# What you have to do
Down to the last line, restate the records word for word, but not the pictures.
Exercise input START
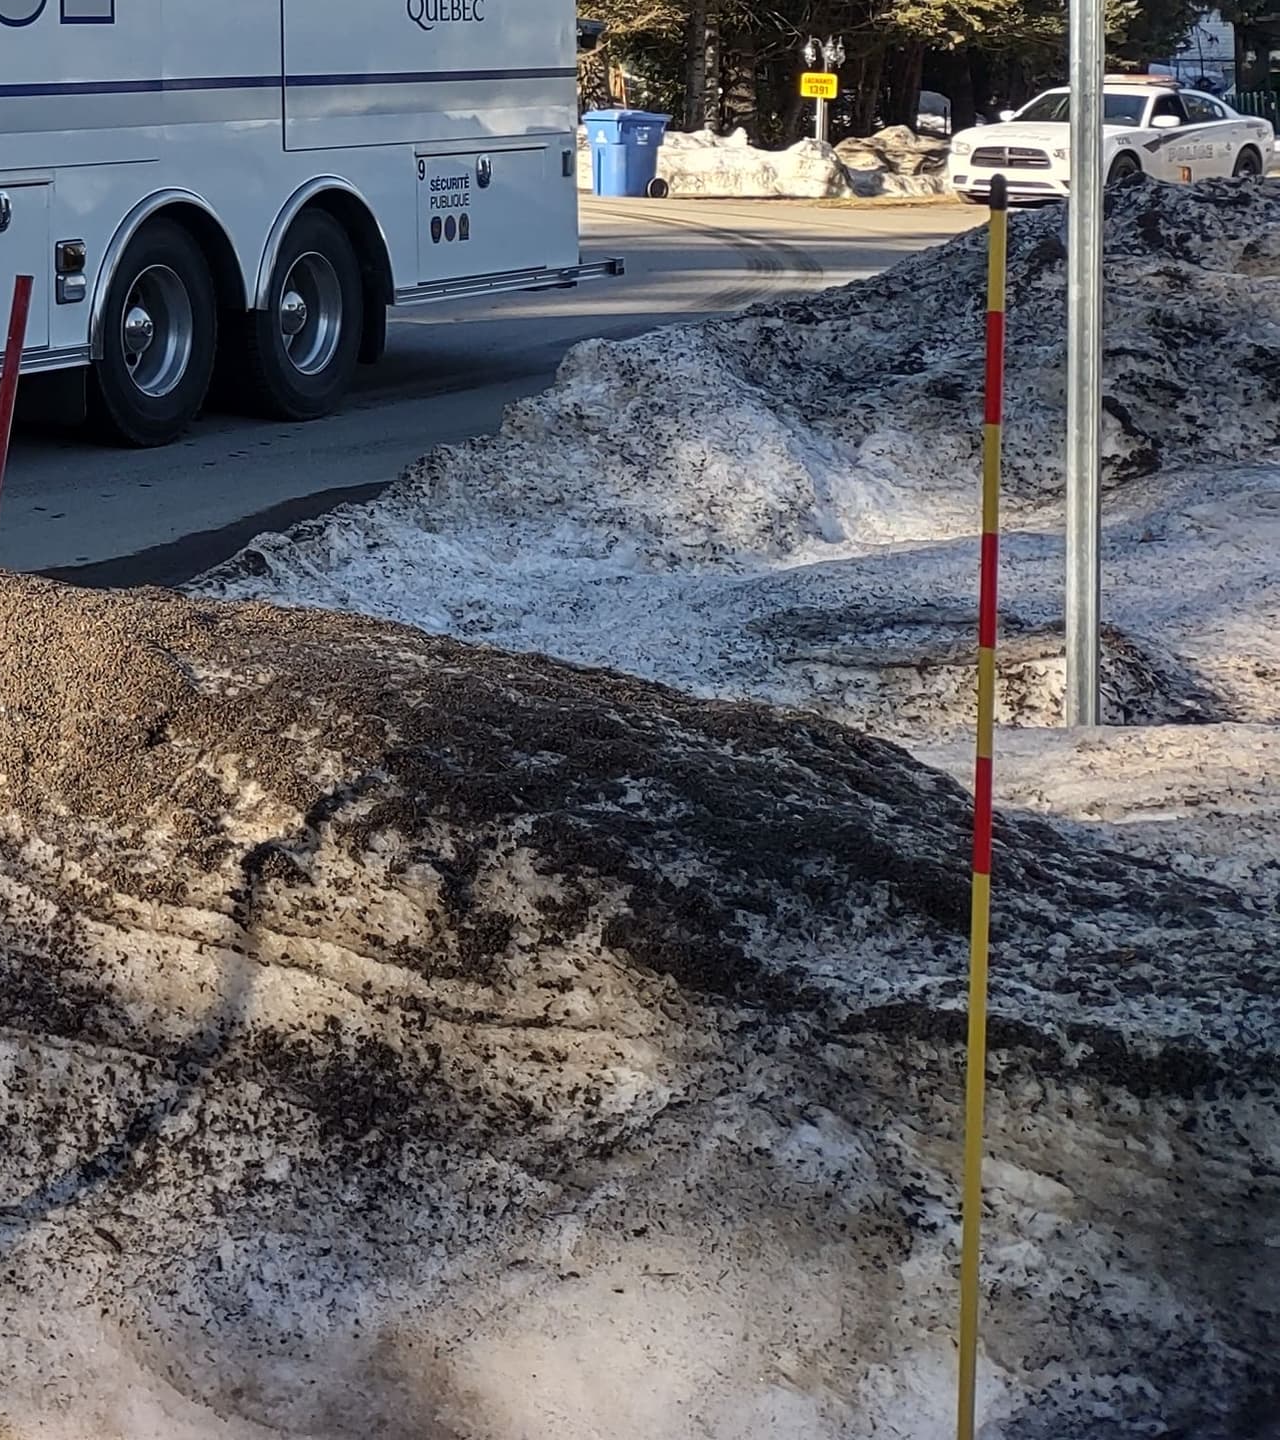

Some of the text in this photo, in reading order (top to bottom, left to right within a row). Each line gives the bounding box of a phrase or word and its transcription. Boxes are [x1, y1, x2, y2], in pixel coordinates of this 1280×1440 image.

[418, 159, 426, 181] 9
[430, 173, 470, 192] SÉCURITÉ
[430, 193, 470, 209] PUBLIQUE
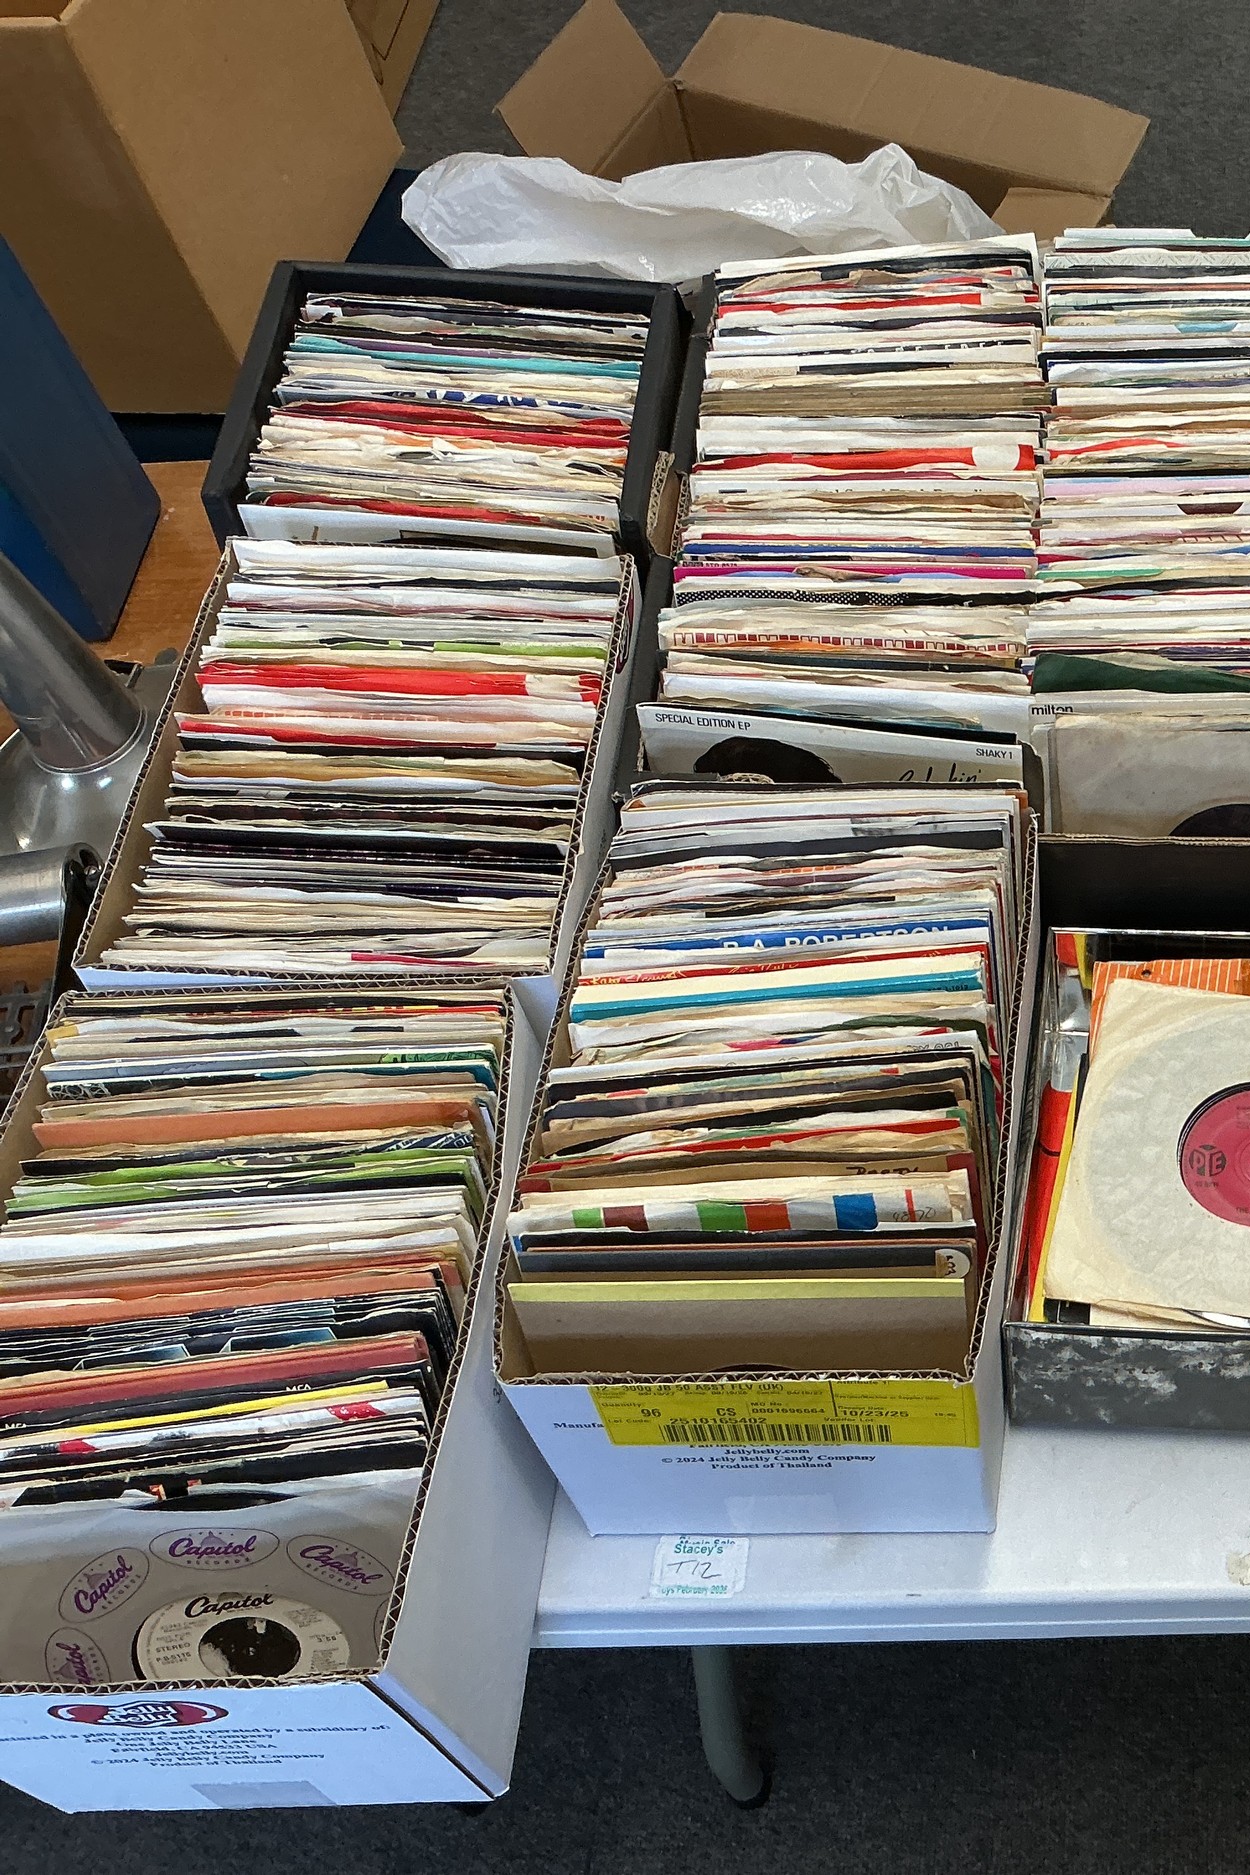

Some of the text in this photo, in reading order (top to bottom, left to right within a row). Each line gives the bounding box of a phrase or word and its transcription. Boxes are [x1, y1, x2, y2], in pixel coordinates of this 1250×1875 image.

[654, 712, 751, 731] SPECIAL EDITION EP
[975, 747, 1006, 760] SHAKY
[1189, 1145, 1227, 1177] PYE
[731, 1383, 753, 1391] FLV
[758, 1383, 784, 1391] (UK)
[640, 1407, 737, 1418] 96 CS
[841, 1410, 909, 1418] 10/23/25
[724, 1448, 810, 1456] Jellybelly.com
[739, 1455, 771, 1463] Belly
[773, 1454, 815, 1462] Candy
[817, 1454, 876, 1462] Company
[777, 1461, 833, 1469] Thailand
[168, 1534, 258, 1559] Capitol
[673, 1543, 724, 1556] Stacey's
[299, 1544, 384, 1585] Capitol
[73, 1554, 133, 1615] Capitol
[184, 1593, 275, 1619] Capitol
[155, 1642, 191, 1654] STEREO
[107, 1705, 178, 1715] Jelly
[97, 1713, 178, 1724] Belly
[82, 1732, 118, 1740] plant
[84, 1736, 116, 1744] Jelly
[157, 1734, 203, 1743] Candy
[206, 1733, 273, 1741] Company
Exercise input END
# Answer
Some of the text in this photo, in reading order (top to bottom, left to right within a row). Each line gives the bounding box of a phrase or word and its transcription. Boxes are [x1, y1, x2, y2], in pixel coordinates of this 1280×1440 image.

[418, 159, 426, 181] 9
[430, 173, 470, 192] SÉCURITÉ
[430, 193, 470, 209] PUBLIQUE

Some of the text in this photo, in reading order (top to bottom, left to right within a row). Each line gives the bounding box of a phrase or word and its transcription. Boxes are [x1, y1, x2, y2], in pixel coordinates of this 1250×1875 image.

[654, 712, 751, 731] SPECIAL EDITION EP
[975, 747, 1006, 760] SHAKY
[1189, 1145, 1227, 1177] PYE
[731, 1383, 753, 1391] FLV
[758, 1383, 784, 1391] (UK)
[640, 1407, 737, 1418] 96 CS
[841, 1410, 909, 1418] 10/23/25
[724, 1448, 810, 1456] Jellybelly.com
[739, 1455, 771, 1463] Belly
[773, 1454, 815, 1462] Candy
[817, 1454, 876, 1462] Company
[777, 1461, 833, 1469] Thailand
[168, 1534, 258, 1559] Capitol
[673, 1543, 724, 1556] Stacey's
[299, 1544, 384, 1585] Capitol
[73, 1554, 133, 1615] Capitol
[184, 1593, 275, 1619] Capitol
[155, 1642, 191, 1654] STEREO
[107, 1705, 178, 1715] Jelly
[97, 1713, 178, 1724] Belly
[82, 1732, 118, 1740] plant
[84, 1736, 116, 1744] Jelly
[157, 1734, 203, 1743] Candy
[206, 1733, 273, 1741] Company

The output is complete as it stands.